The internal mind battle continued. Luckily I couldn’t be arsed to take my lard Arse to the shop to buy real Pepsi. So I managed to stick with the diet and effectively stay on plan.

So to distract myself, I actually asked Charlotte about coming to the gym. So here I am sat on the mat waiting on her to finish up (I’m beat now I’ve done my workout lol). I’m feeling very proud of myself. I actually completed day 1 of the NHS couch to 5km. Day 1 being 5mins brisk walk to begin followed by 1min run, 1.5min walk for a total of 20mins workout. And I can actually say that although I did feel the 1min run sections…. I actually didn’t struggle to much. I feel I completed it fairly comfortably, which considering I’ve not run in god knows how many months… I was rather impressed. I Then followed this with some sit ups, leg raisers, squats and lunges. So all in all not a bad workout! Oh and a 30second plank! (Feeling a little happy with that one) … First proper workout in absolute months. And feeling better now! Inside and out (not sure I’ll be saying the same tomorrow when the aches kick in 🤣🤣)

So that’s it, not much else to say today! Roll on tomorrow and let’s Hope the path of “plan” remains in place!

So thanks for popping by. Catch you later 💕💕

Positive post for a change……well mostly 🤣🤣

Today has been a good day. Mostly a good day anyway. After losing 1lb With slimming world over the past week… although I’m pretty sure that’s just from not having jeans on and wearing 3/4 length jeans instead 🤣 because I didn’t really stick to plan at all well last week. Was a very mix and match week. So effectively a write off. But that 1lb has given me a little nudge and today I have been on top of it. Stayed in control and feel good about it.

So breakfast consisted of a cheese and vegetable omelette (peppers and onion) alongside lean and light sausages from Asda and 3 rashes bacon, all fat removed. so a nice 1.5syns for brekkie.

Still feeling positive and focused I tried a new recipe for dinner, from the book I got from SW this week. The cheeseburger pasta bake. A little alteration as I don’t like “full on” tomatoes. But otherwise all good. Tasted great and plenty left over for tomorrow. Also had some excess mince from the pack as was a 750g pack, so cooked up a batch of “dirty rice” so that I have that as a go to tomorrow/day after as well. For the pasta bake I also added extra extra cheese but still only 2 syns per portion.

Now I confess, as much as I have drunk Diet Pepsi for the majority of the day, I did have about 1/2 bottle of real Pepsi left over from last night. So I did finish it …… but I did “syn” it and although was a good few syns, I still managed to finish the day bang on my allowance for the day. So again all positive.

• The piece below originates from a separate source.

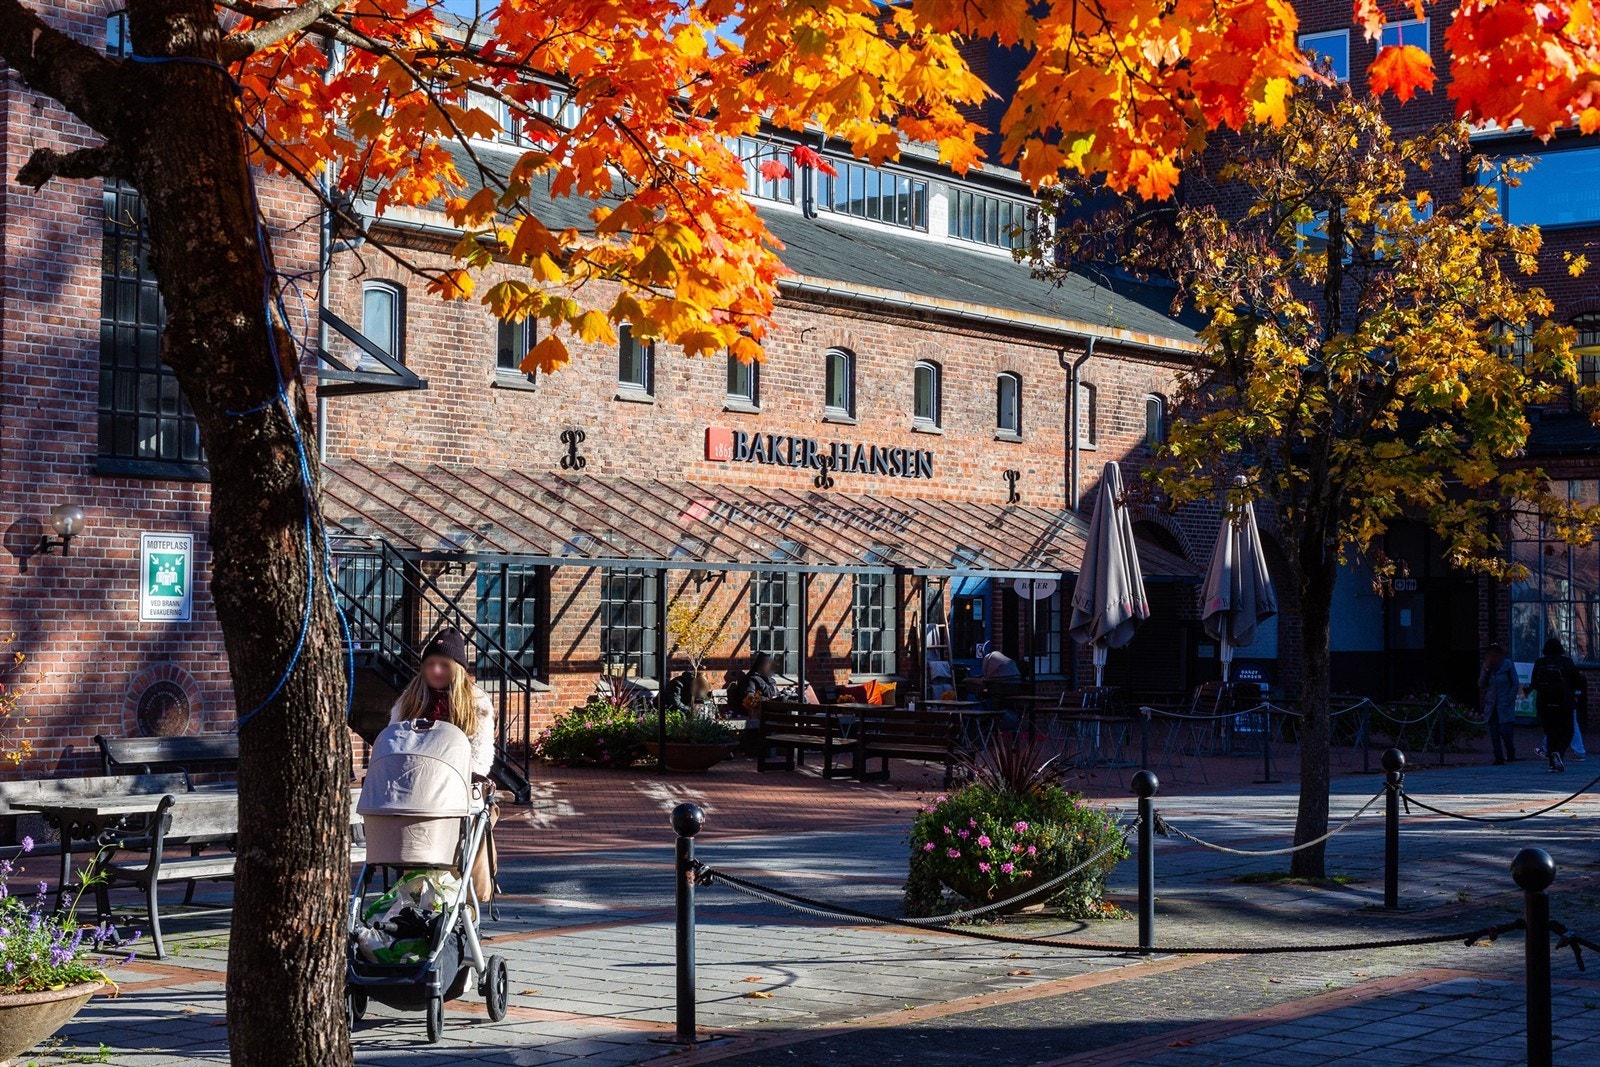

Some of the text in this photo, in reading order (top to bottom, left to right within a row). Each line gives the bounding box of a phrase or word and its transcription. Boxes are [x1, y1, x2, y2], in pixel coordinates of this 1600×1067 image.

[732, 430, 933, 478] BAKER HANSEN
[146, 540, 188, 550] MØTEPLASS
[149, 608, 182, 616] EVAKUERING

The not so positive part…. I did also go to the gym this evening…. very very reluctantly. But unfortunately had a bit of a stomach ache when there so kind of gave up really early and pretty much did next to nothing, except 10mins on the treadmill walking.

But tomorrow is a new day, and hopefully the gym visit will be better.

So yes, it is only one day in, and I still have a further six days to make it through before I can truly celebrate. But I am feeling positive after today. I have my Meals planned out ready for tomorrow. A planned gym visit tomorrow too. Hopefully all will go according to plan.

I’m already looking forward to my planned desert treat tomorrow evening. So gotta earn it lol.

As for the mental state…. Well again tosay is a good day. Positive feelings from a “good food” day. University is partly sorted and hopefully my timetable will be through in the next few days. I’ve mostly de cluttered the bedroom, although I do still have some drawers to build and then I can sort out the last few bits there. So yeah overall today is a good day and I’m feeling ok!

So with little else to say today I shall leave it there for now!

Thanks for reading! Catch you soon 💕💕

Same s**t different day….

Today I feel like absolute pants. Not in an unwell term, but in an overall fed up, miserable, moody, grumpy, upset, angry, and generally blahhhhh at the world sort of way. It’s a down day 😞. But it’ll pass. I just need to go with it and let the tornado pass by.

This doesn’t help…… I’ve just walked the dog and I mean”walked” no speed to my step, a casual walk around the block, no hills, no inclines what so ever. And I feel like someone is sitting on my chest and making me feel really breathless.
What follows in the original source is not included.